Sempra U.S. Gas & Power has taken off the table its plan to
build a $1 billion, 300-megawatt solar farm on Navy land near Hawaii’s
Pearl Harbor.
Sempra’s photovoltaic project, which would’ve been one of the
biggest solar farms in the country, was announced at last year’s
conference.
Crider had said last year that the solar farm could provide the Navy
with electricity at no cost and that Sempra would sell power to
Hawaiian Electric Co. to make up its costs.
If solar energy is not economically viable in Hawaii....
Or maybe the same admiral who likes $26/gallon diesel, couldn't see the cost savings in "free" electricity.

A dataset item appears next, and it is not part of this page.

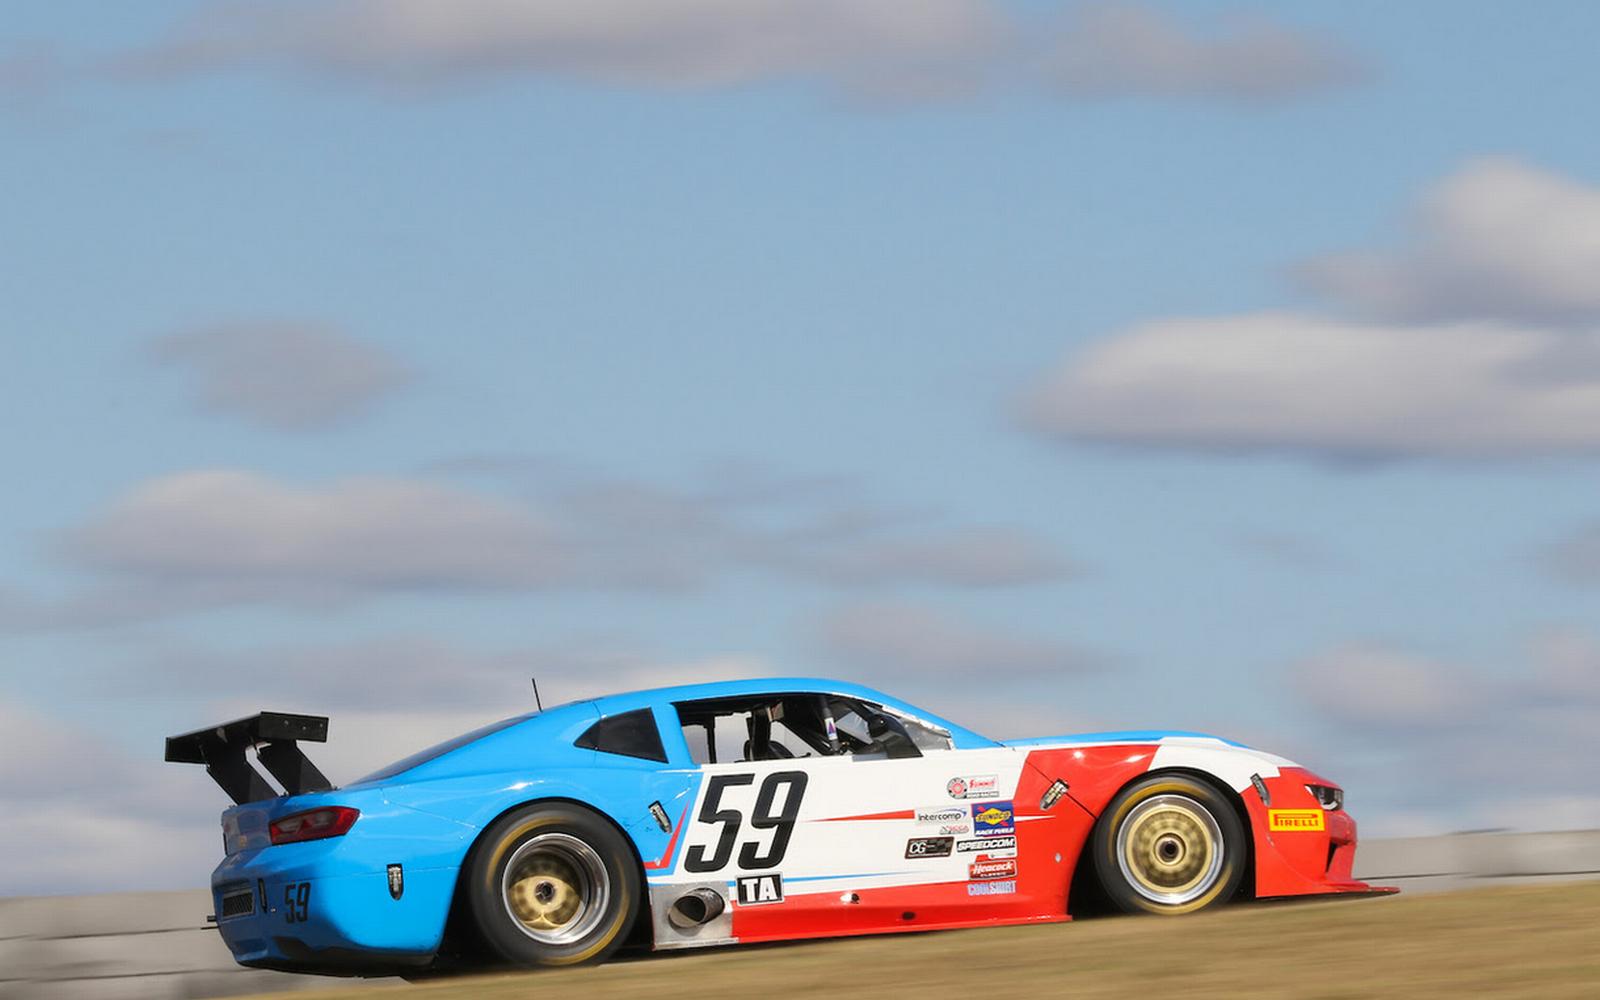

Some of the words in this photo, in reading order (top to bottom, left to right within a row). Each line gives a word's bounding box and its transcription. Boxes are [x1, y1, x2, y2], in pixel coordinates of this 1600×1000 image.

I cannot make this stuff up.
My hunch is some "movers and shakers" moved in on Sempra and said "no way, Jose, will you give away your electricity to the Navy." Wow, can you believe the outrage in the civilian community if they knew they were subsidizing the US Navy's electricity bill. Wow. I cannot make this stuff up.
A lot of story lines here, too, I bet.
Again, this is just opinion. I have no inside information. Some posts are simply for entertainment.
For those folks concerned about another solar farm scrapped, and global warming temperatures this summer:
Remember, folks choose to live in Hawaii and not North Dakota for a reason.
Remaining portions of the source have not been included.